Entrei em seu quarto e o encontrei dormindo pesado. As mãos pra fora da cama, só estava coberto da cintura pra cima. O rosto sereno.

- Se você não fosse tão idiota, estranho e confuso, eu provavelmente... – Não consegui completar. Tenho medo do poder das palavras. Ajoelhei-me ao seu lado e mexi em seu cabelo. – Lucas... – Ele não acordou ou mexeu o olho. – Acorda, preciso de ajuda.

- Não, Lennon... Mais 5 minutinhos. – E virou-se para o outro lado.

- Acorda idiota!!! – Peguei seu travesseiro do chão e bati em seu rosto, ele acordou sobressaltado, e ao me ver, fechou a cara. – Achei que teria de jogar água.

- O que tu quer?

- Você. - Ele franziu o cenho e eu tratei logo de me corrigir. – Digo, quero sua ajuda.

- Bah, são 2 da manhã, Rafaela!

- Eu sei olhar no relógio.

- Queres a minha ajuda pra que? – Perguntou, sentando-se na cama.

- Você vai comigo me ajudar na vingança com Conrado.

- Vou?

- Sim.

- Por que?

- Porque eu estou pedindo.

- Problema é teu. – Voltou a se deitar, mas ainda me olhava. – E eu preciso dormir, Rafaela.

- Por favor!!

- Não. Tu ainda gosta dele, esquece isso de vingança. Tanta gente é corna no mundo. – Eu me baixei sob ele, olhando-o furiosamente. Seu olhar resistiu ao meu.

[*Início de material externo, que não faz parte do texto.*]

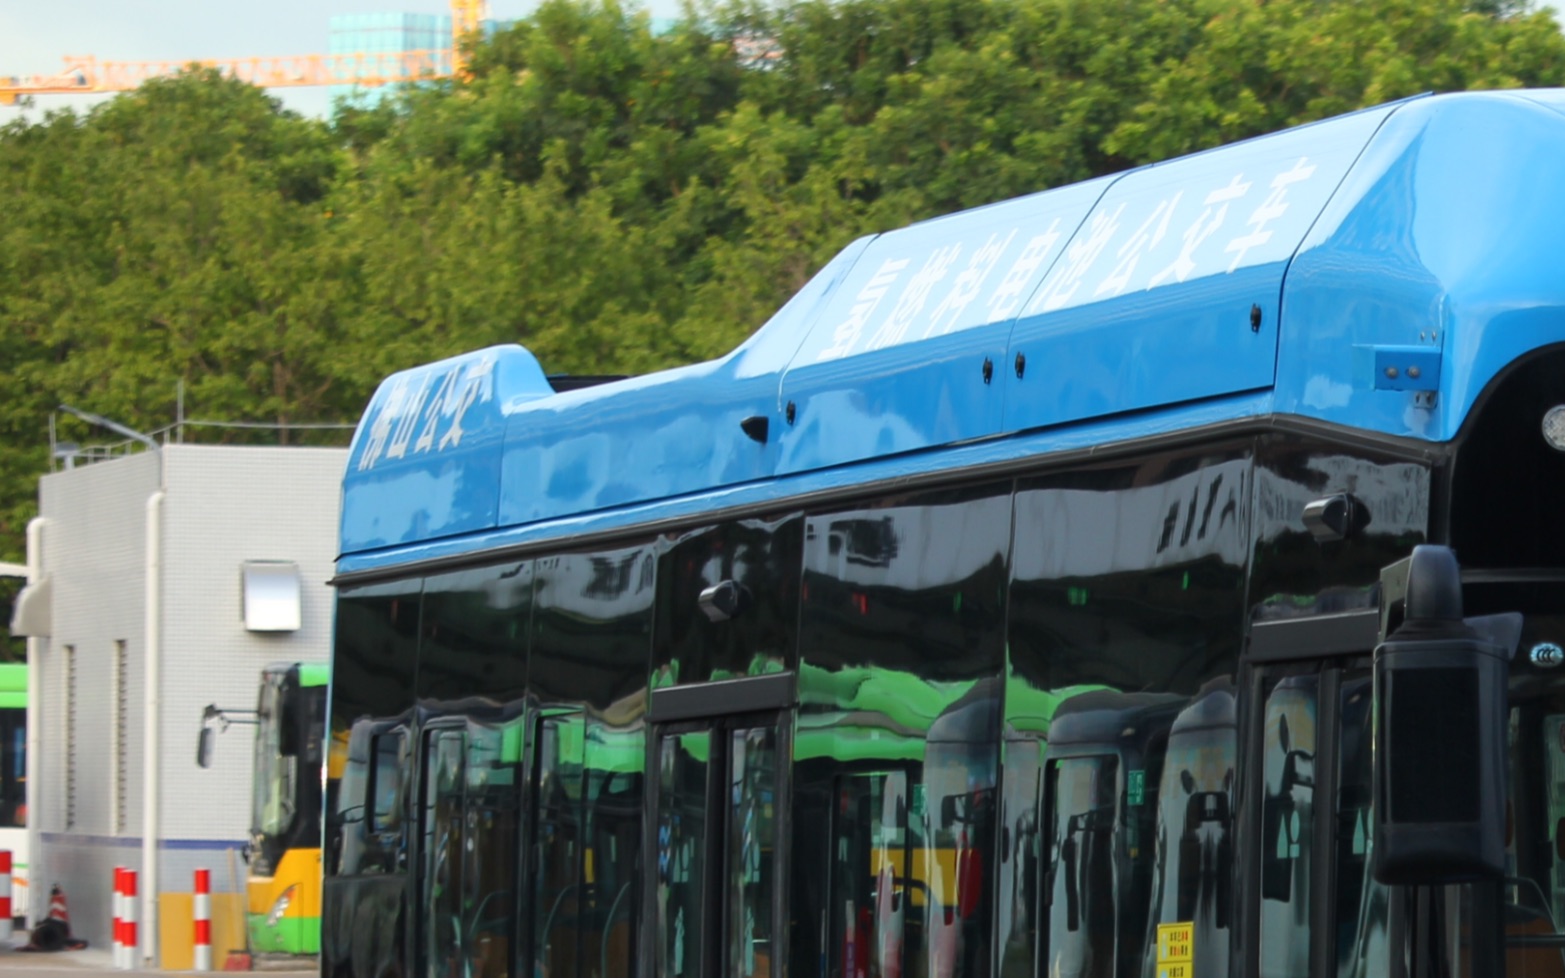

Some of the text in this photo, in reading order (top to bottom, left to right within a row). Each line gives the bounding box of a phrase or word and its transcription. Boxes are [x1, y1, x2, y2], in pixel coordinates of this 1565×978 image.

[816, 156, 1316, 363] 氢燃料电池公交车
[358, 355, 493, 472] 佛山公交
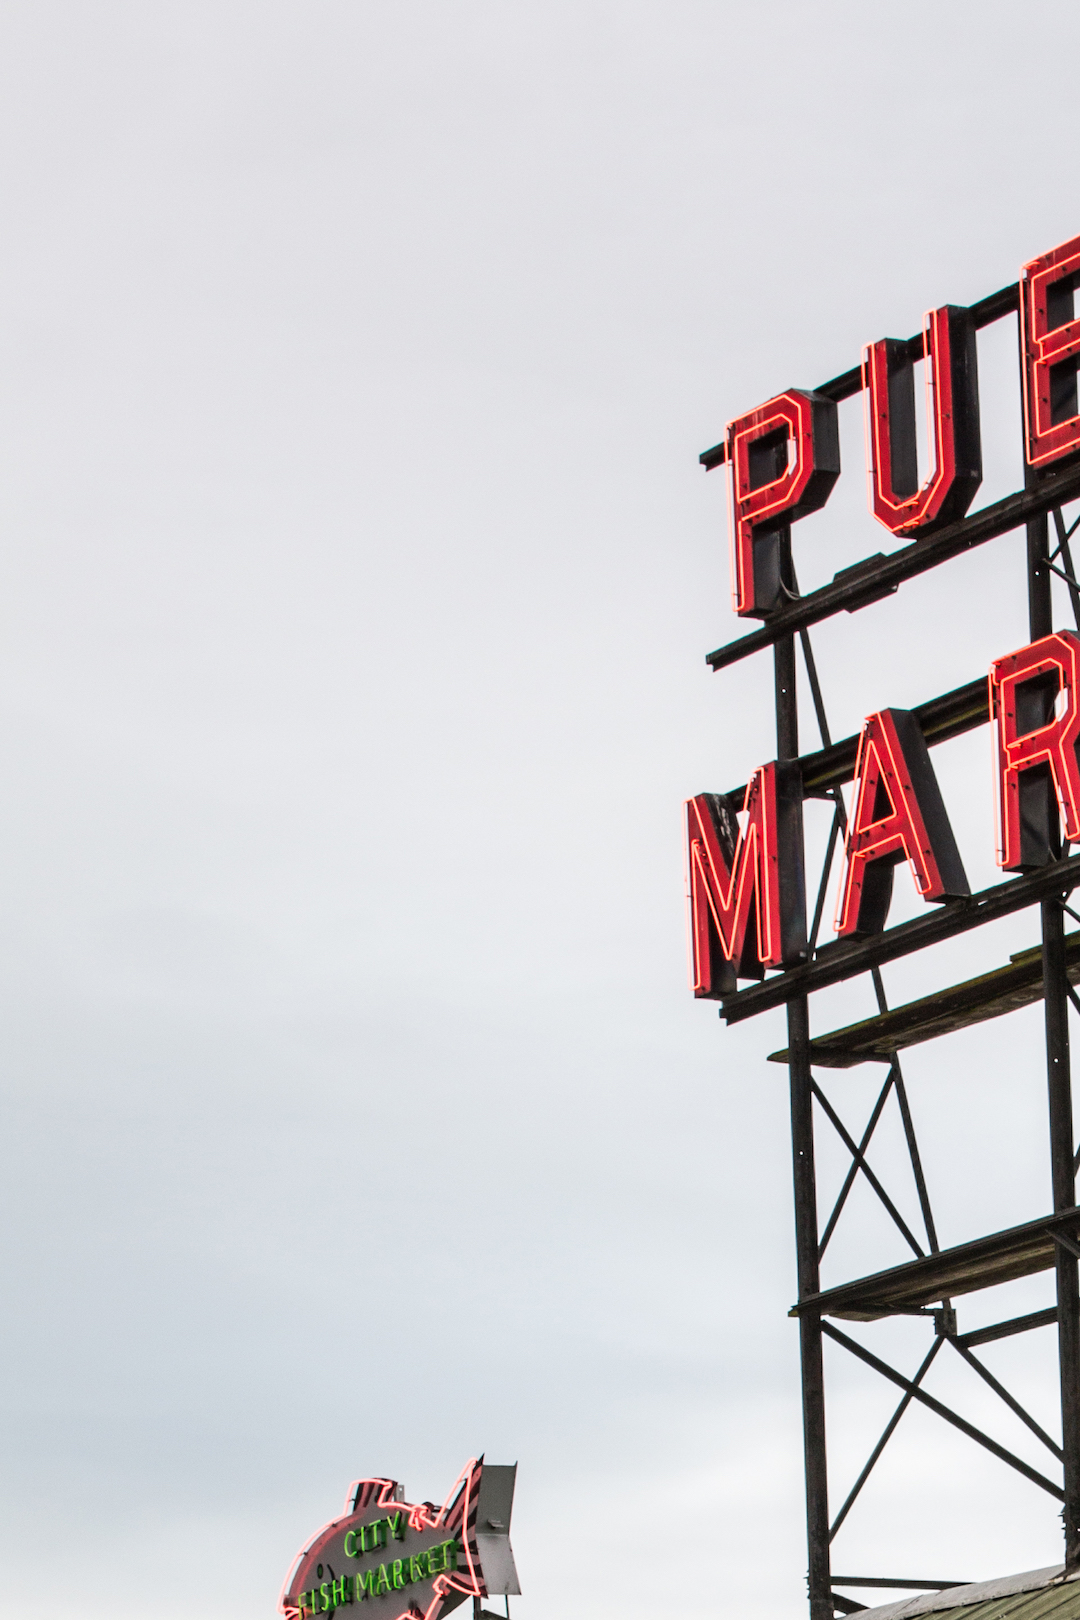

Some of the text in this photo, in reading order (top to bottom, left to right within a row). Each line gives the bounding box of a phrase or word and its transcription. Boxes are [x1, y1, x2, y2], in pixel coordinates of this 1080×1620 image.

[344, 1511, 408, 1559] CITY
[297, 1539, 459, 1620] FISH MARKET

- Eu não gosto dele, Lucas. E mesmo se gostasse, ainda me vingaria.

- Gostaria de acreditar em tu. – Ele suspirou, voltando-se a sentar na cama. Eu fiz o mesmo. – Como é esse plano?

- É assim...

(...)

- Tá explicado porque precisa de mim. – Ele murmurou, irônico. Eu abri o portão de casa lentamente, para não fazer nenhum barulho que acordasse Iasmin. Lucas passou com a bicicleta.

- Não reclama vai!

- Lógico que tenho que reclamar, isso vai dar errado e vamos ser pegos.

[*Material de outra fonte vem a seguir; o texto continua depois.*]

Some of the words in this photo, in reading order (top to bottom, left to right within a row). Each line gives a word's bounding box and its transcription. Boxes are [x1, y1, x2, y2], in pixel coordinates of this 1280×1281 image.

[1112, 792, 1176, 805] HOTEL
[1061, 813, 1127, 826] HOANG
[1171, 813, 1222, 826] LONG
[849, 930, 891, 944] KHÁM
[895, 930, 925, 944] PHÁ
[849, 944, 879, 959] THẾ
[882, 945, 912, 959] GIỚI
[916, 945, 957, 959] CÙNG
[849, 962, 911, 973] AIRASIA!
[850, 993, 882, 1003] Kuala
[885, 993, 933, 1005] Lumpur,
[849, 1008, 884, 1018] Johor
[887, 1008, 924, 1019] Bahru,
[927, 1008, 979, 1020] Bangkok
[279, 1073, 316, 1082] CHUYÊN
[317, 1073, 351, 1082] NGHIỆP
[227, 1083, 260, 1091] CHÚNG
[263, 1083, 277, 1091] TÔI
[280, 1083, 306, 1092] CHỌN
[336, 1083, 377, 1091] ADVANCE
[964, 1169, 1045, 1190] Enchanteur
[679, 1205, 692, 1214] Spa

- Que nada. – Falei, tranquila. – Você nunca viveu uma aventura?

- Não. – E ele olhou pro céu. – Bah, vai chover.

- Se formos rápidos não pegaremos chuva.

Lucas se sentou primeiro e eu me sentei no ferro da bicicleta. Ele comandava o pedal, apoiando as mãos em minhas costas e eu controlava o guidão. Descemos a ladeira rumo a casa de Conrado.

- Tens certeza de que vai dar certo? – Lucas perguntou, sem esconder o medo na voz.

- Tenho. Eu só vou tirar algumas fotos dele. As meninas do grupo me disseram que há algo muito constrangedor que eu preciso descobrir.

- Grupo?

Direcionei o guidão pra entrada do segundo quarteirão que dava acesso a confeitaria da tia do Conrado. Lucas continuou pedalando a todo vapor.

- É, um grupo no facebook que me convidaram pra participar. Todas as ex do Conrado participam.

- Sério?

- Sim. Quando souberam que eu terminamos, trataram de me convidar. Há cerca de 50 garotas, ex-namoradas, ficantes e e

rolos. A casa é aquela azul no fim da rua, mas vamos entrar por trás.

Rodeamos a rua. Lucas parou e encostamos a bicicleta no muro que dava entrada aos fundos da casa.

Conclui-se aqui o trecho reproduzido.